*** Opening Records to use ***
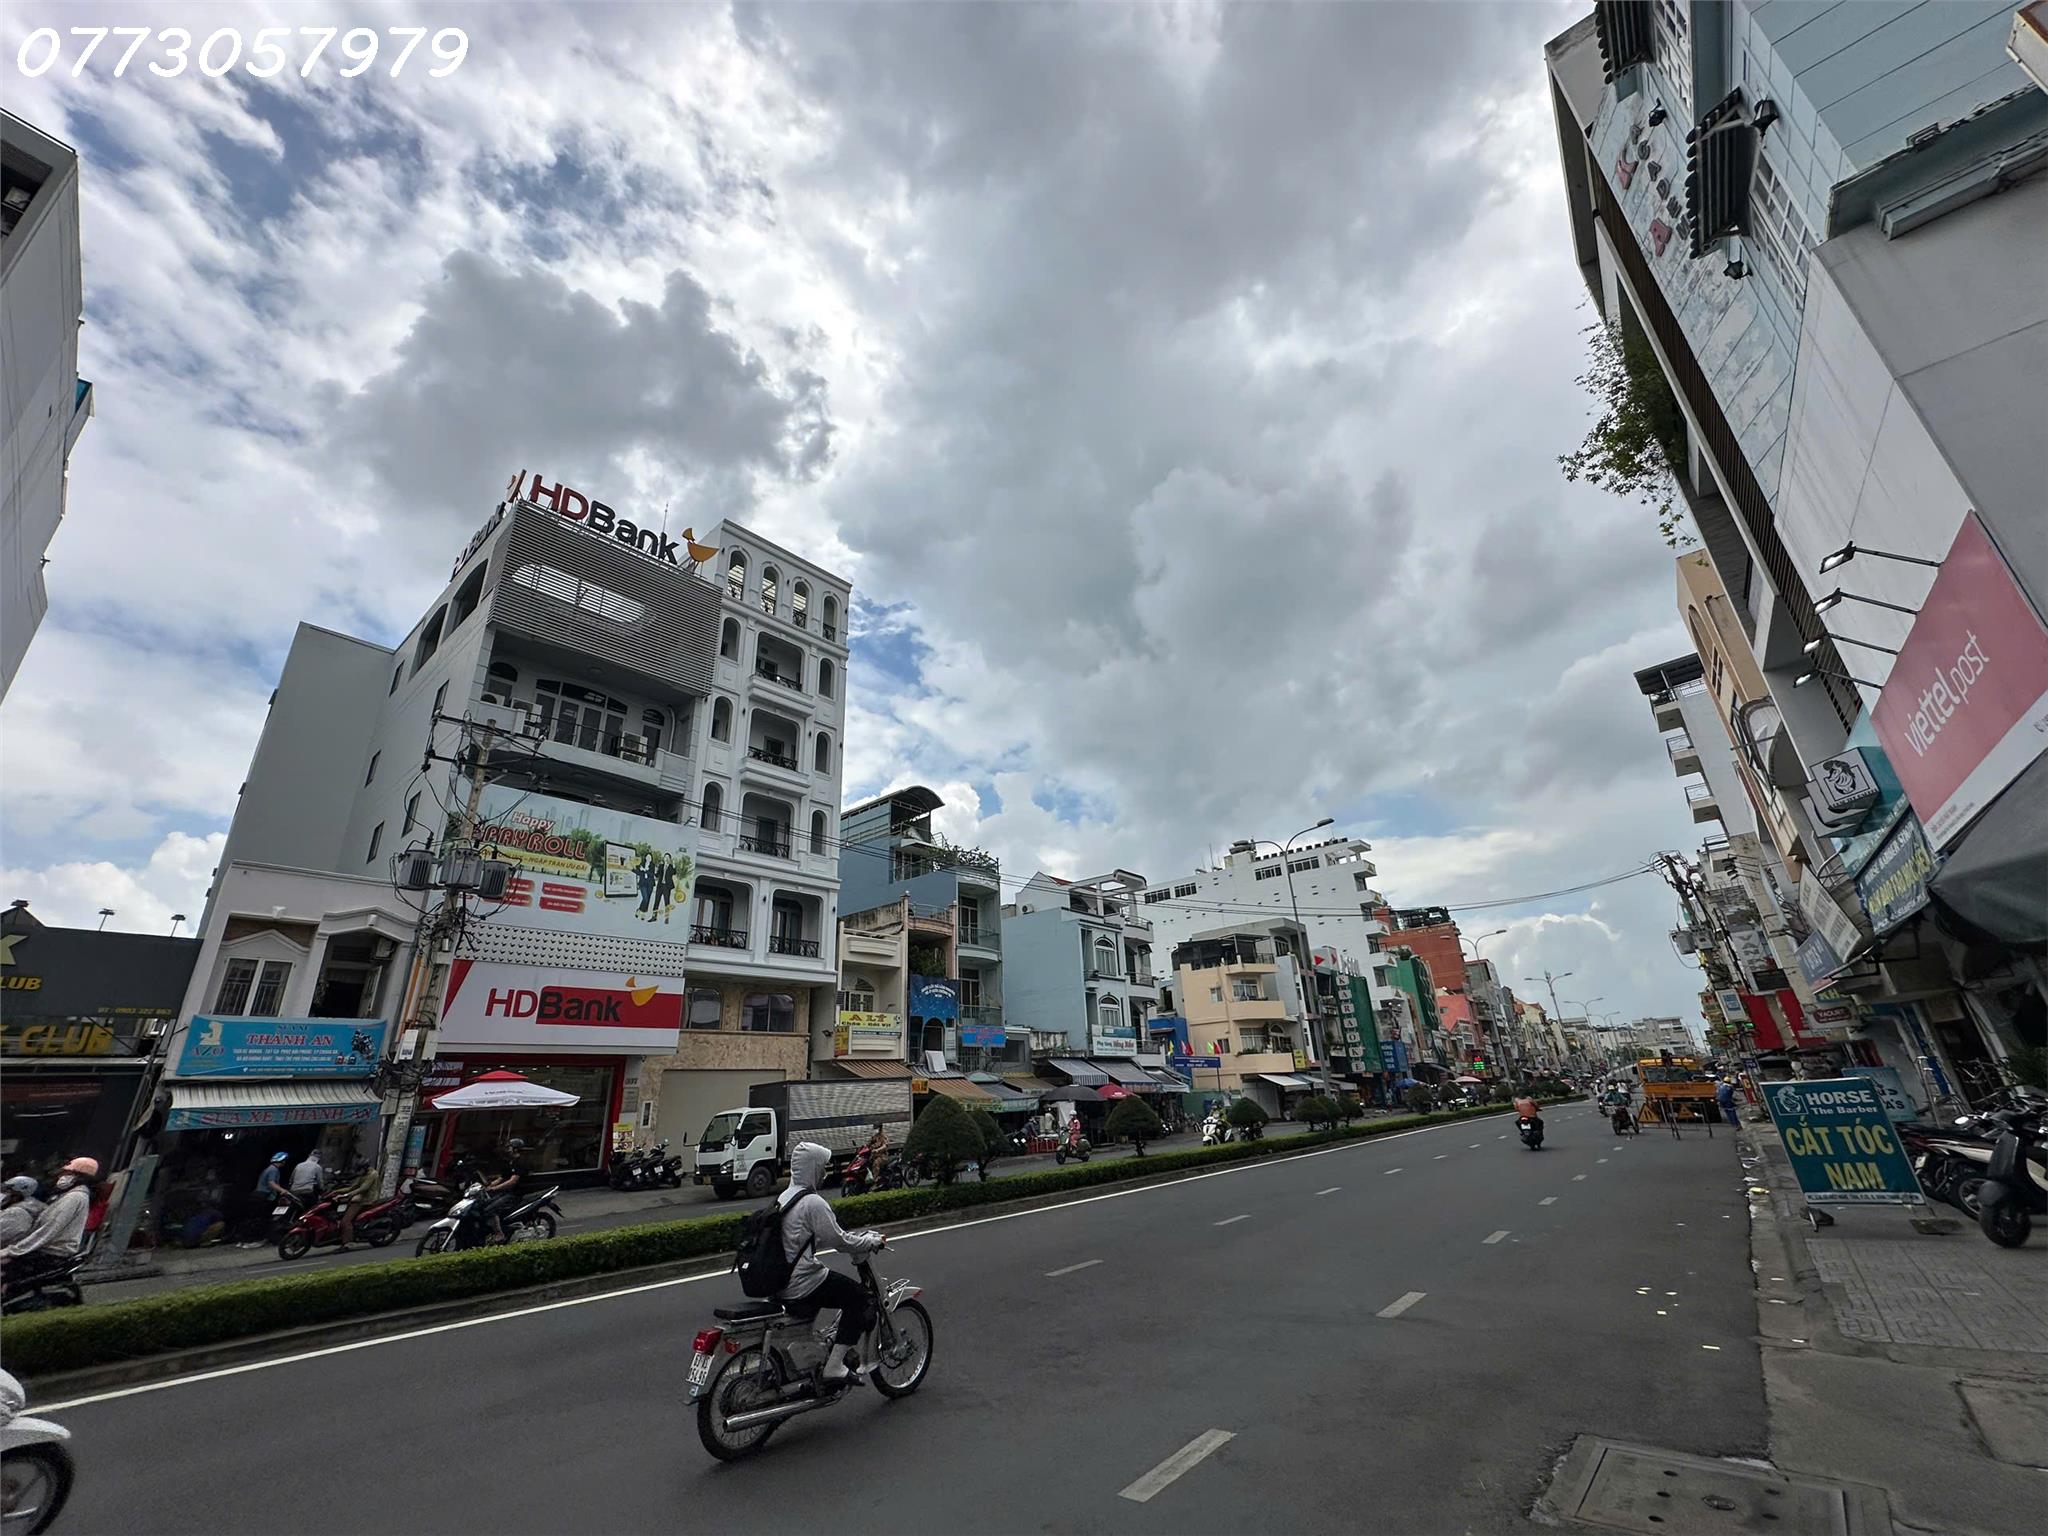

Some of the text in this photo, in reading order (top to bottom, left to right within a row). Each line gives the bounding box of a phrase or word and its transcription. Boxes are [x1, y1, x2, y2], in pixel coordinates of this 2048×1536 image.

[530, 474, 679, 565] HDBank
[511, 811, 556, 832] Happy
[482, 824, 586, 859] PAYROLL
[0, 977, 42, 990] LUB
[485, 988, 622, 1022] HDBank
[1338, 977, 1363, 1071] KARAOKE
[311, 1035, 333, 1046] AN
[1805, 1090, 1875, 1105] HORSE
[247, 1110, 273, 1123] XE
[1811, 1106, 1878, 1115] The Barber
[1785, 1115, 1895, 1156] CẮT TÓC
[1823, 1162, 1887, 1191] NAM
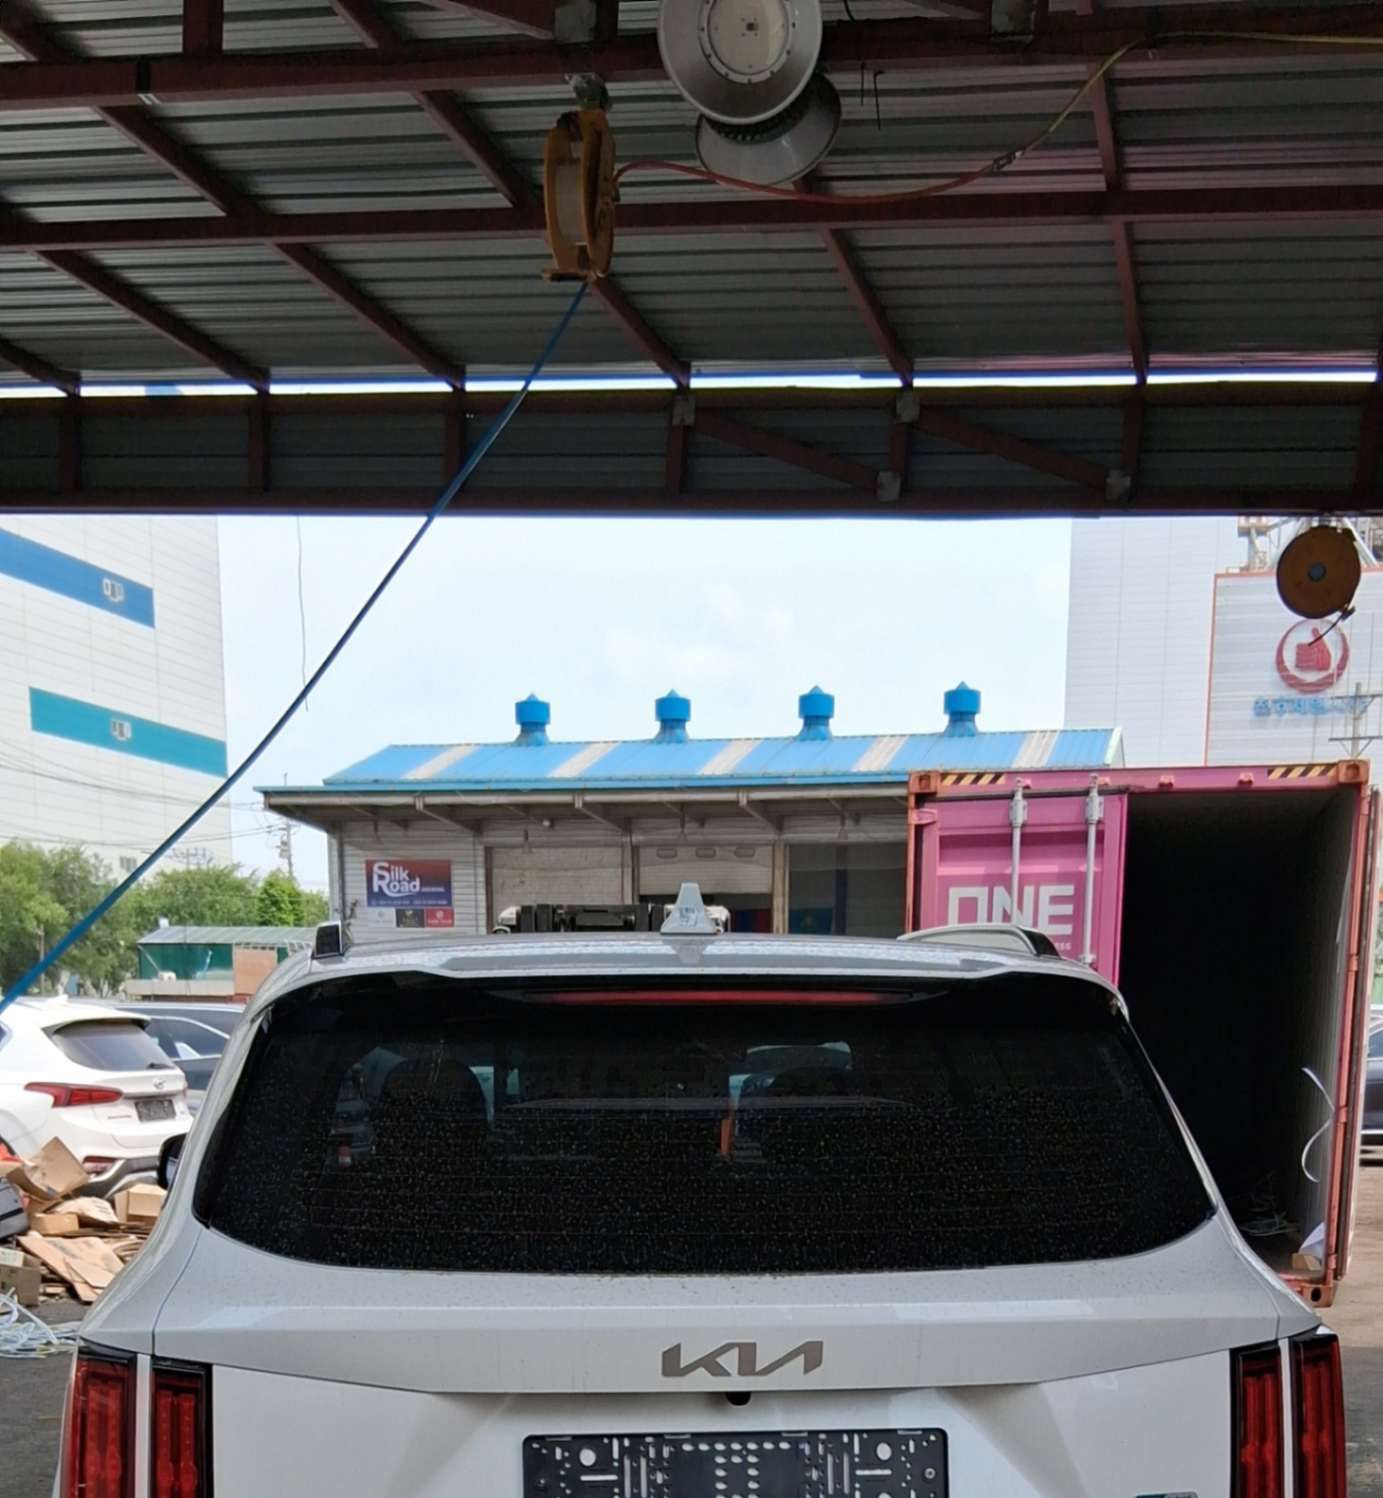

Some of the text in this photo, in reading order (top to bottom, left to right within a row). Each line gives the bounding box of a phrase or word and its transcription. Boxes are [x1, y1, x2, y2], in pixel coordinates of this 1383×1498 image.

[373, 862, 410, 881] Silk
[373, 873, 420, 897] Road
[948, 885, 1075, 935] ONE
[661, 1340, 824, 1378] KIA
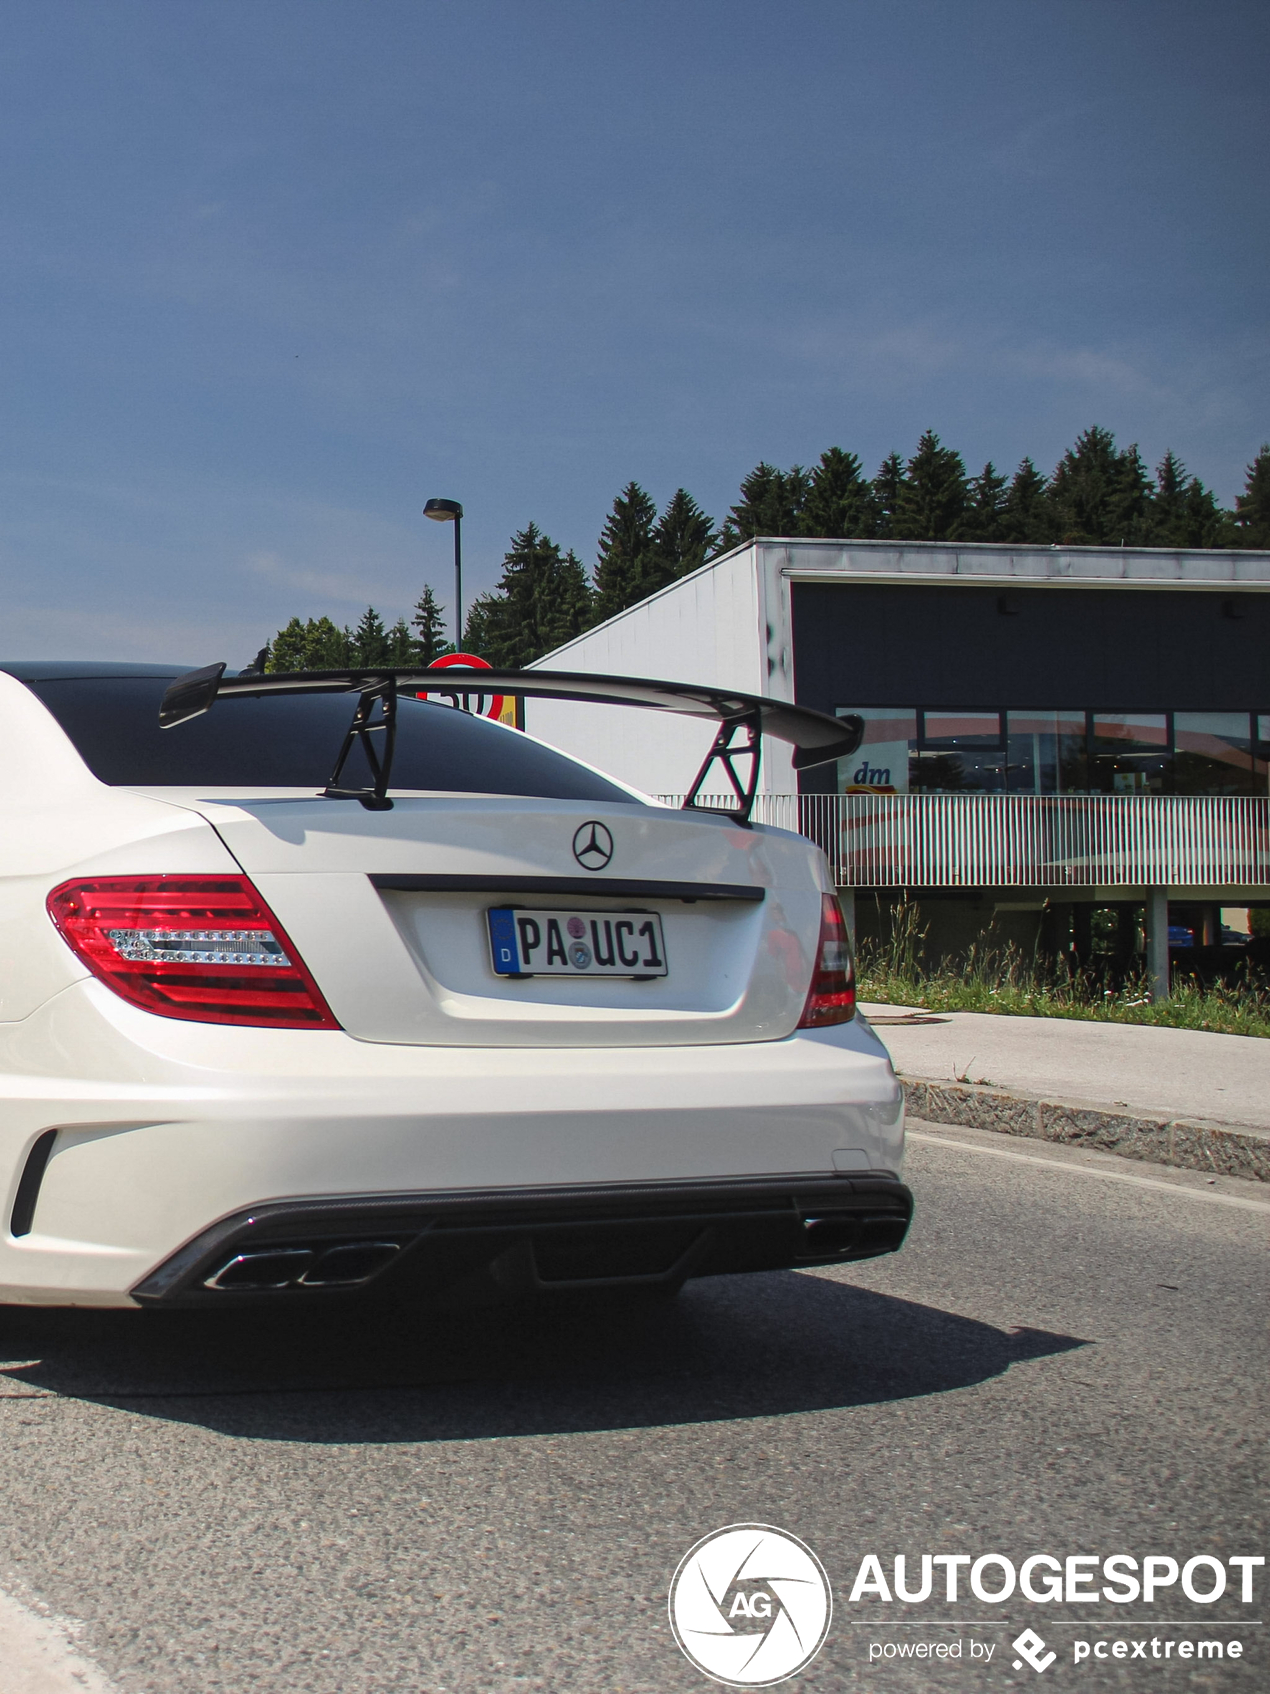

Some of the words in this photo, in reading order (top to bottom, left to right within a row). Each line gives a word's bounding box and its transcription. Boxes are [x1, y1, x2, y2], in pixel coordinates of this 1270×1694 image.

[853, 761, 891, 785] dm
[517, 917, 568, 965] PA
[590, 919, 662, 967] UC1
*** Closing Records to use ***
◆ Problem description: Leave the pictures out, then output exactly the lines from the "this 1383×1498 image." line through the end of the records above, and no others.

◆ Output below:
Some of the text in this photo, in reading order (top to bottom, left to right within a row). Each line gives the bounding box of a phrase or word and its transcription. Boxes are [x1, y1, x2, y2], in pixel coordinates of this 1383×1498 image.

[373, 862, 410, 881] Silk
[373, 873, 420, 897] Road
[948, 885, 1075, 935] ONE
[661, 1340, 824, 1378] KIA

Some of the words in this photo, in reading order (top to bottom, left to right within a row). Each line gives a word's bounding box and its transcription. Boxes are [x1, y1, x2, y2], in pixel coordinates of this 1270×1694 image.

[853, 761, 891, 785] dm
[517, 917, 568, 965] PA
[590, 919, 662, 967] UC1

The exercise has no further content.